The Sunnis had walked out of the talks last week after one of their committee members was shot dead in front of a restaurant.
At crisis talks on Monday they secured pledges of better security and an investigation into the assassination.
"We will definitely return tomorrow," said Saleh Mutlaq, spokesman for the Sunni umbrella group Iraqi National Dialogue, which slain committee member Mujbil al-Sheikh Isa belonged to.
Abdul Nasser al-Jenabi, a committee member from another Sunni group, said its demands had been met. The government announced the compromise in a statement signed by parliament Speaker Hajem al-Hassani.
Iraq's government and its US sponsors had hoped the presence of Sunnis on the constitution-drafting team would help to defuse violence.
Khalilzad says the constitution
will help stop violence
Fifteen Sunni members were drafted on to the committee last month, joining members drawn from a parliament mainly made up of Shia and Kurds - elected in a January vote when most Sunnis stayed at home because of a boycott or fear of reprisals.
US Ambassador Zalmay Khalilzad said a constitution was "important in terms of weakening the insurgency [and] winning the population away from al-Qaida and the other foreign terrorists who come here to kill and maim and use Iraqis as cannon fodder for their larger agenda".
The bloodshed has made political agreement more urgent.
Two vehicle bombs struck police checkpoints in Baghdad on Monday morning, killing at least 15 people, while funerals were held for some of the victims of a huge truck bomb on Sunday.
The US military said 40 people were killed in that attack, although police did not confirm the figure.
Two vehicles bombs killed 15
people on Monday
The end of the Sunni boycott will allow politicians to breathe a sigh of relief, but negotiations over the constitution are far from over. A draft is due by 15 August, but 1 August is the deadline for announcing a 6-month extension if the committee decides it needs more time.
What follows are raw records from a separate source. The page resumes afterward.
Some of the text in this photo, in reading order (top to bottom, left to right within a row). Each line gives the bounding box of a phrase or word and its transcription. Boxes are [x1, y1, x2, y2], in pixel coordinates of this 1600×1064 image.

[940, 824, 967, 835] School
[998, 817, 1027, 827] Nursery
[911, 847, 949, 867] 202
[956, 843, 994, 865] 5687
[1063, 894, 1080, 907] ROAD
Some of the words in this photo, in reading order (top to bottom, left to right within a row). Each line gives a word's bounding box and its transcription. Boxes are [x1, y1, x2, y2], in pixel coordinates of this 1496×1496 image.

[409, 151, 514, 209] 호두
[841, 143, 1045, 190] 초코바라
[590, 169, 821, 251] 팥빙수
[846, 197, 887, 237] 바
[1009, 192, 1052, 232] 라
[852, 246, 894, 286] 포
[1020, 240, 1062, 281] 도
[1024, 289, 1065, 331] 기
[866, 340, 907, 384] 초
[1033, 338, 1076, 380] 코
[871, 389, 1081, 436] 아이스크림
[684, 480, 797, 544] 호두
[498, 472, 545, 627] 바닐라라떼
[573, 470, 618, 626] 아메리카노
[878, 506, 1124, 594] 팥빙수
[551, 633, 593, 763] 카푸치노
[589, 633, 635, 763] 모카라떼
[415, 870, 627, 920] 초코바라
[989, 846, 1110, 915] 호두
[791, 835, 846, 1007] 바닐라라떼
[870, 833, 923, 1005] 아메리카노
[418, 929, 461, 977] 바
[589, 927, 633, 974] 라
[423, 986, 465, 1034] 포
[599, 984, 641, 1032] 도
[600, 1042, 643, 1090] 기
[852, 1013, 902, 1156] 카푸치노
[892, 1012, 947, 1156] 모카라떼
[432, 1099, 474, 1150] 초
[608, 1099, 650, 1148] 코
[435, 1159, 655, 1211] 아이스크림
Kurdish committee member Mahmoud Othman said that, even if the Sunnis rejoined, "I very much doubt at this stage that we are going to have a document ready by the end of this month".
The sides are divided on issues of federalism - how to share power and resources in areas such as the mainly Kurdish north and the Shia south, where local leaders want autonomy from Baghdad and control of oil wealth.
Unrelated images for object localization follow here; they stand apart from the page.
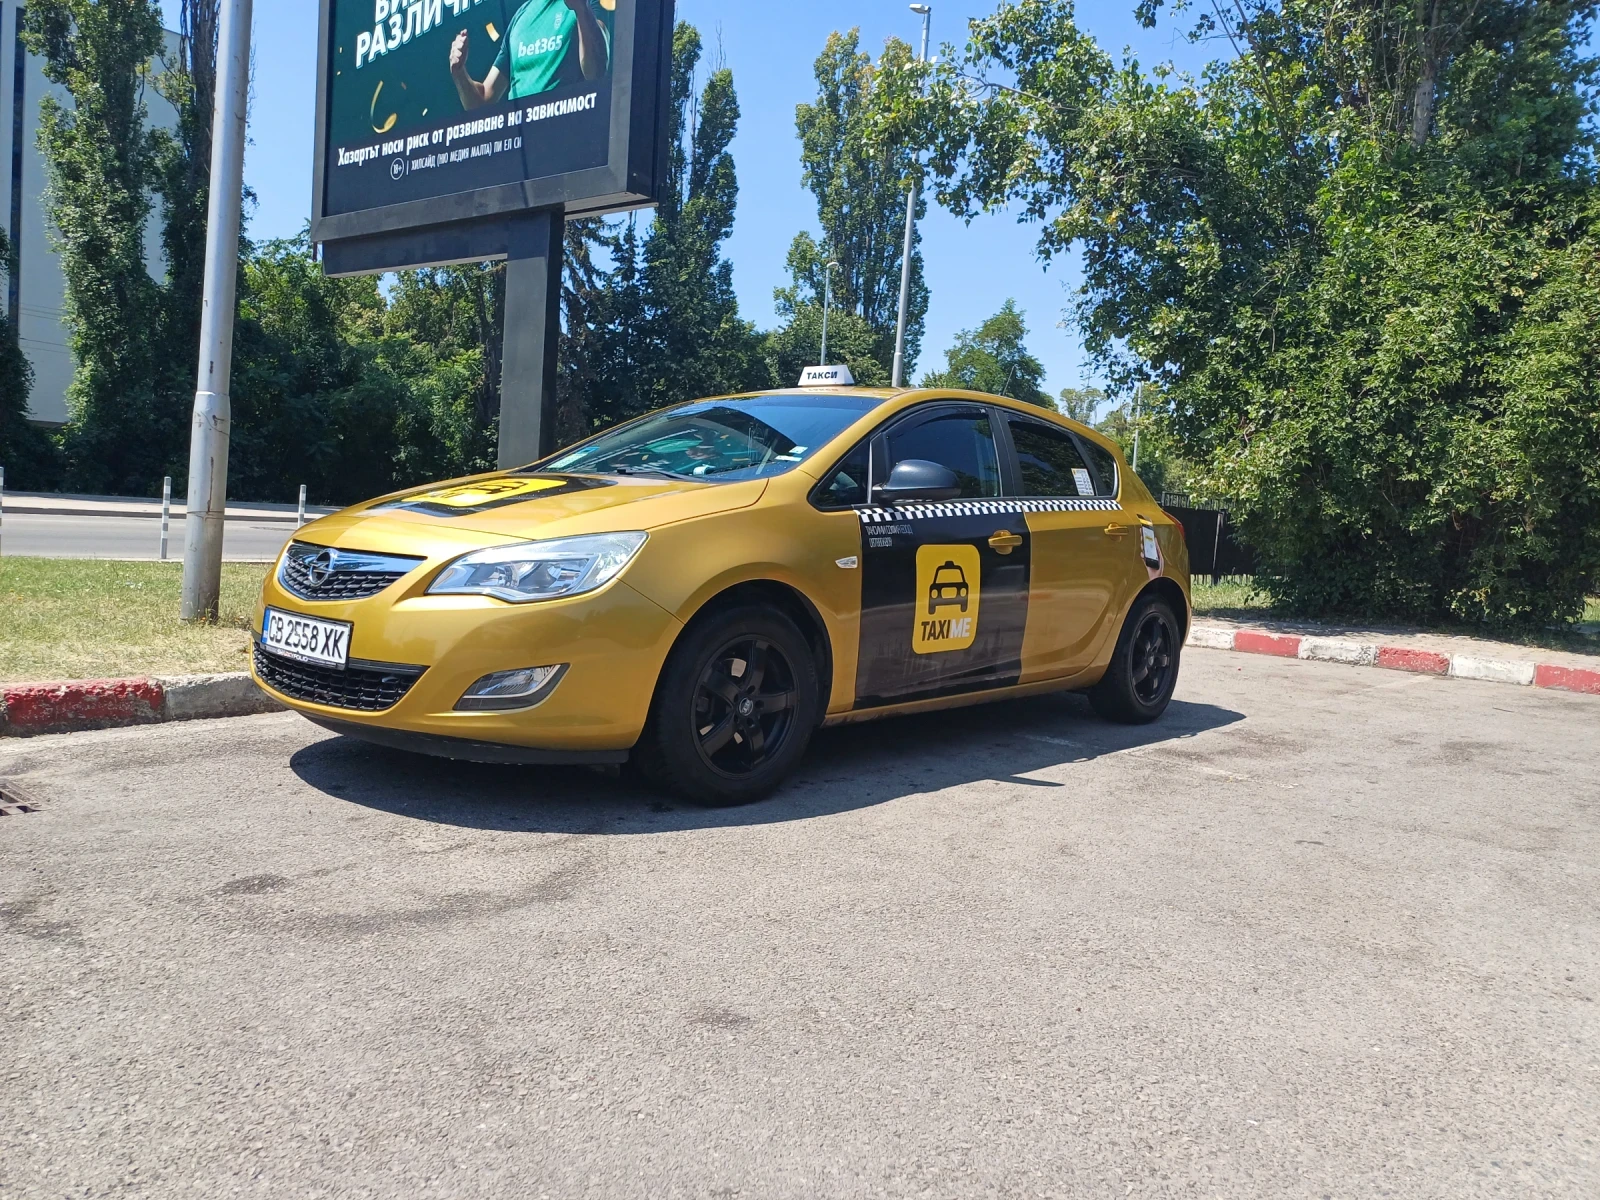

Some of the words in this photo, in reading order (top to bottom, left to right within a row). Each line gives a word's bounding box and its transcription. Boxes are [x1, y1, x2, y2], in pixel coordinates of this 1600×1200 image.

[518, 35, 563, 58] bet365
[338, 144, 380, 167] Хазартът
[382, 138, 404, 156] носи
[406, 132, 430, 156] риск
[432, 128, 444, 144] от
[446, 114, 504, 147] развиване
[507, 109, 522, 127] на
[525, 92, 597, 123] зависимост
[806, 371, 838, 379] ТАКСИ
[269, 615, 284, 643] CB
[284, 619, 319, 653] 2558
[320, 626, 345, 660] XK
Other stumbling blocks include the role of religion, a decision on Iraq's official languages and women's rights.
Washington says an extension would deprive the political process of momentum.
"I very much doubt at this stage that we are going to have a document ready by the end of this month"
Kurdish committee member
But Othman said: "Nobody likes to talk about requesting an extension, because no one wants to be the one who is responsible for asking for it. But everyone is thinking about it."
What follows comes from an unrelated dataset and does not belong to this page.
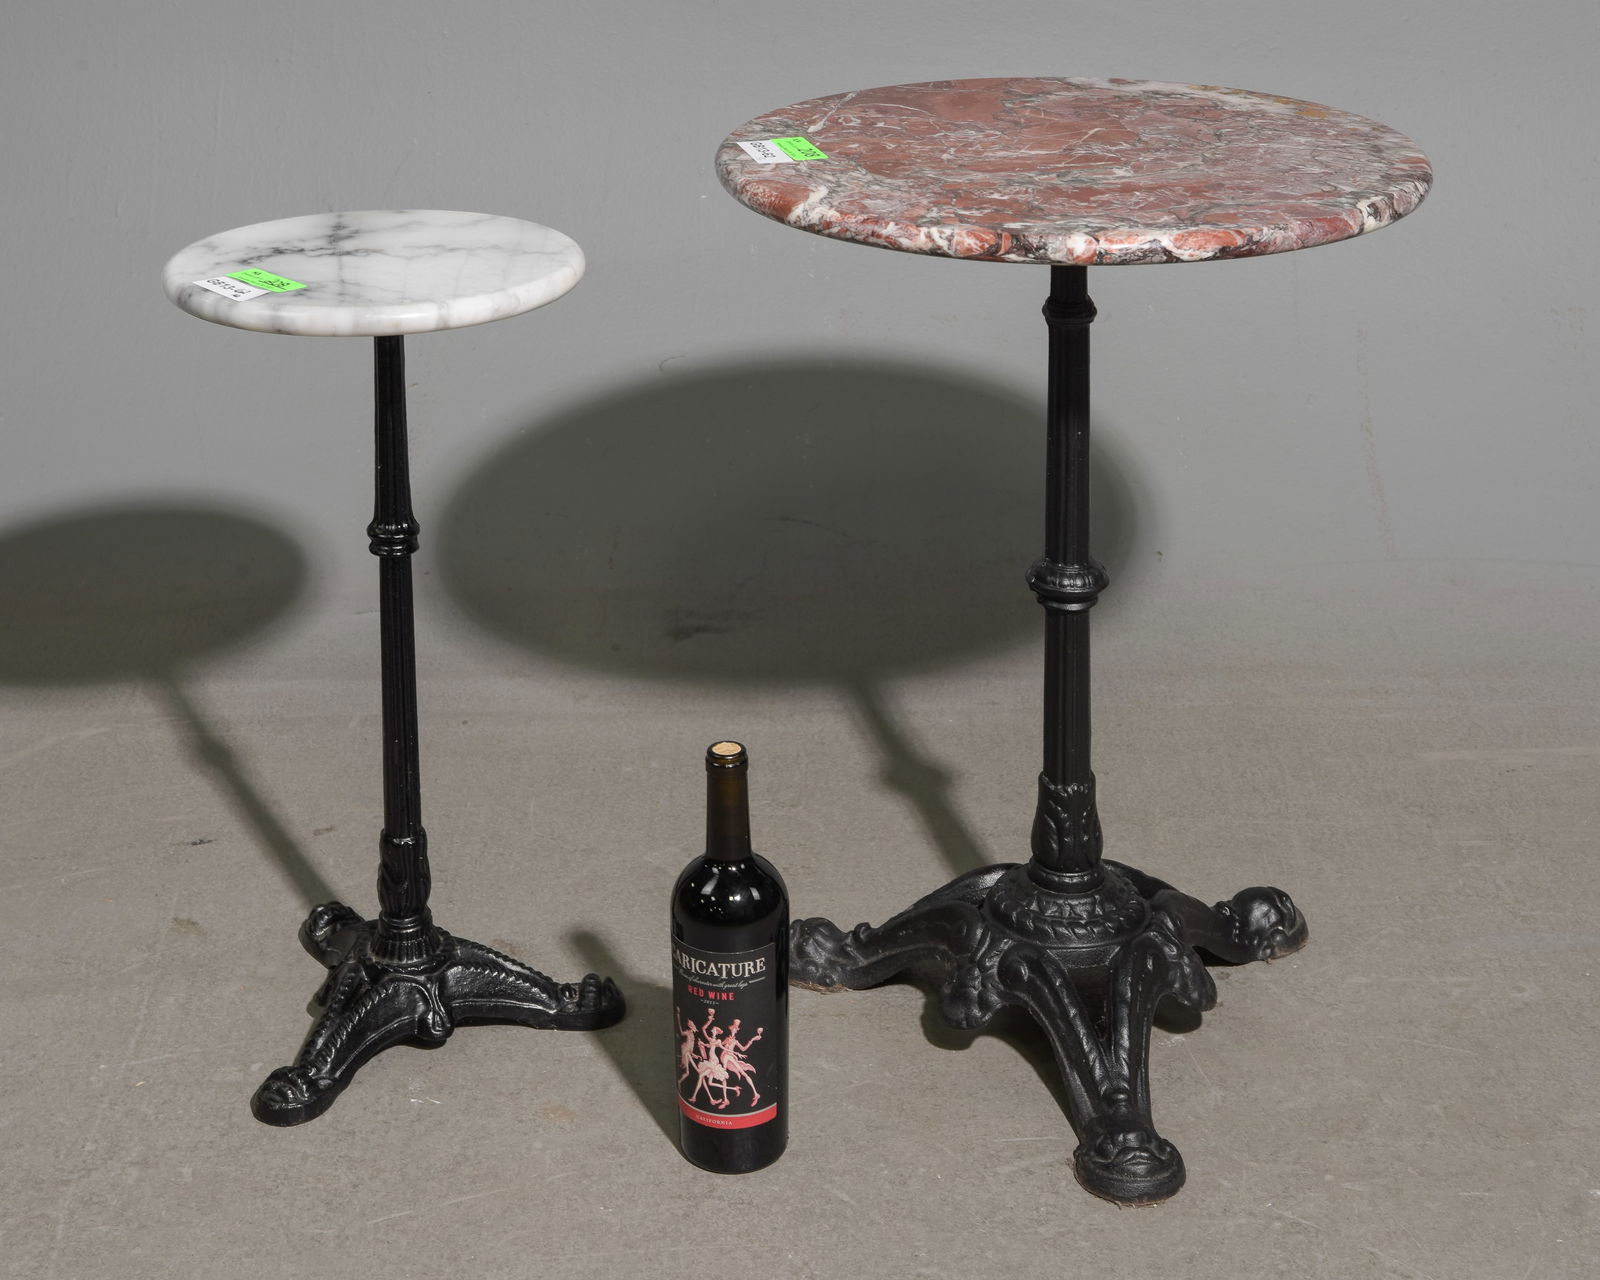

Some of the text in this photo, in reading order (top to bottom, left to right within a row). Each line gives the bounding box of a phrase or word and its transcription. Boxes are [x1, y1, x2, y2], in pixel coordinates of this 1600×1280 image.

[687, 984, 735, 1001] RED WINE
[696, 1114, 733, 1126] CALIFORNIA
Khalilzad said he did not expect a delay.
Attacks, especially car bombings, rose after the government took power in April, and after a brief lull have intensified again in the past two weeks, killing more than 200 people in Baghdad and towns to the south.
At dawn on Monday, a bomber blew up a minivan packed with explosives at a checkpoint near the Sadir hotel in the city centre. A second bomber struck Ansour Square, near an entrance to the fortified Green Zone government and diplomatic compound.
The Defence Ministry said 12 people died in the first strike. Hospital sources said at least three died in the second.
Those bombs followed Sunday's huge blast, the worst in more than a week, when a suicide truck bomb packed with more than 226kg of explosives blew up near a police station.
The US Army, citing Iraqi police estimates, put the toll at 40. But police sources told Reuters that 25 were killed.
US forces said one soldier was killed by a roadside bomb on Monday in Samarra, a Sunni stronghold north of Baghdad. In Baghdad's Dora neighbourhood, four people were killed, including two women, when armed men stormed their house, police said.